Top of THE DATA
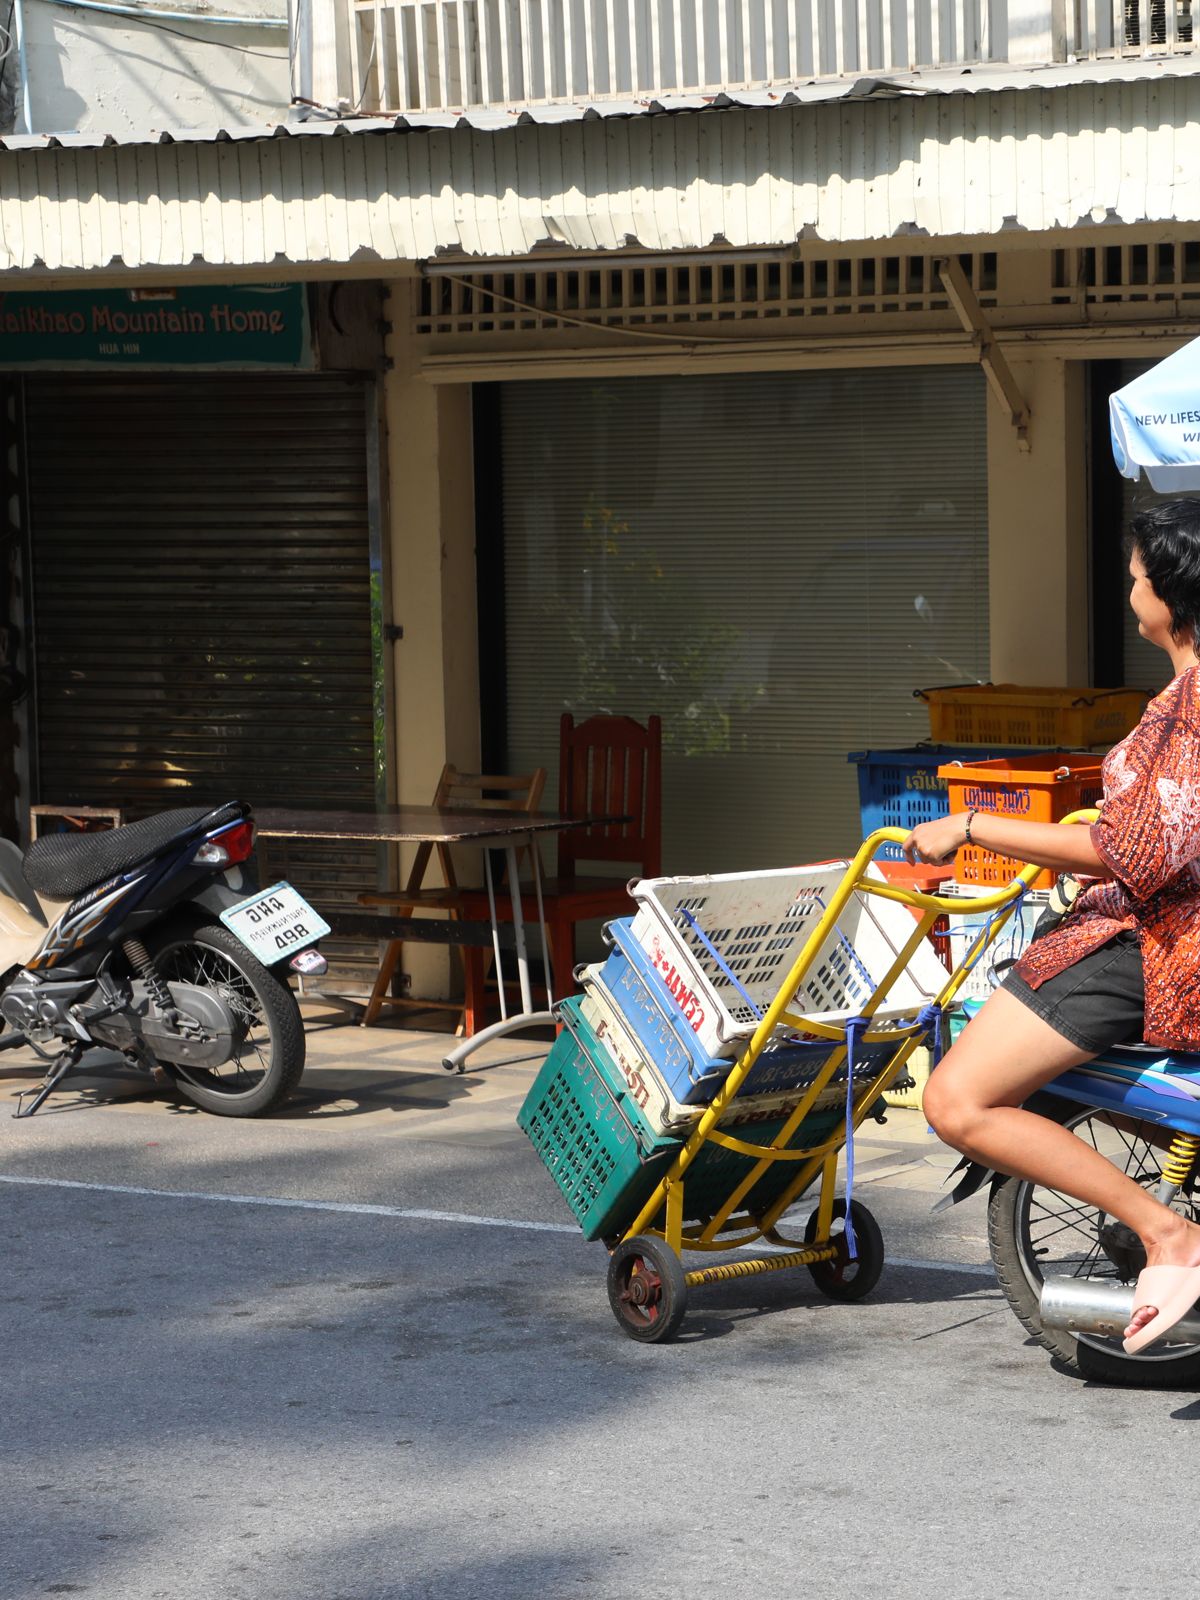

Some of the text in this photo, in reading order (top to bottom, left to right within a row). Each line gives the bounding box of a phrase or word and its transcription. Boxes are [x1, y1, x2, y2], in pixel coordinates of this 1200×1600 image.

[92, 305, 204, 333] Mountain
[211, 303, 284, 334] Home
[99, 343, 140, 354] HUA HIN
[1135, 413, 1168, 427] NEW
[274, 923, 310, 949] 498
Bottom of THE DATA
• _WHAT YOU SHOULD DO_
Please copy the lines above exactly as written, apart from any pictures.

• _OUTPUT OF THE EXERCISE_
Some of the text in this photo, in reading order (top to bottom, left to right within a row). Each line gives the bounding box of a phrase or word and its transcription. Boxes are [x1, y1, x2, y2], in pixel coordinates of this 1200×1600 image.

[92, 305, 204, 333] Mountain
[211, 303, 284, 334] Home
[99, 343, 140, 354] HUA HIN
[1135, 413, 1168, 427] NEW
[274, 923, 310, 949] 498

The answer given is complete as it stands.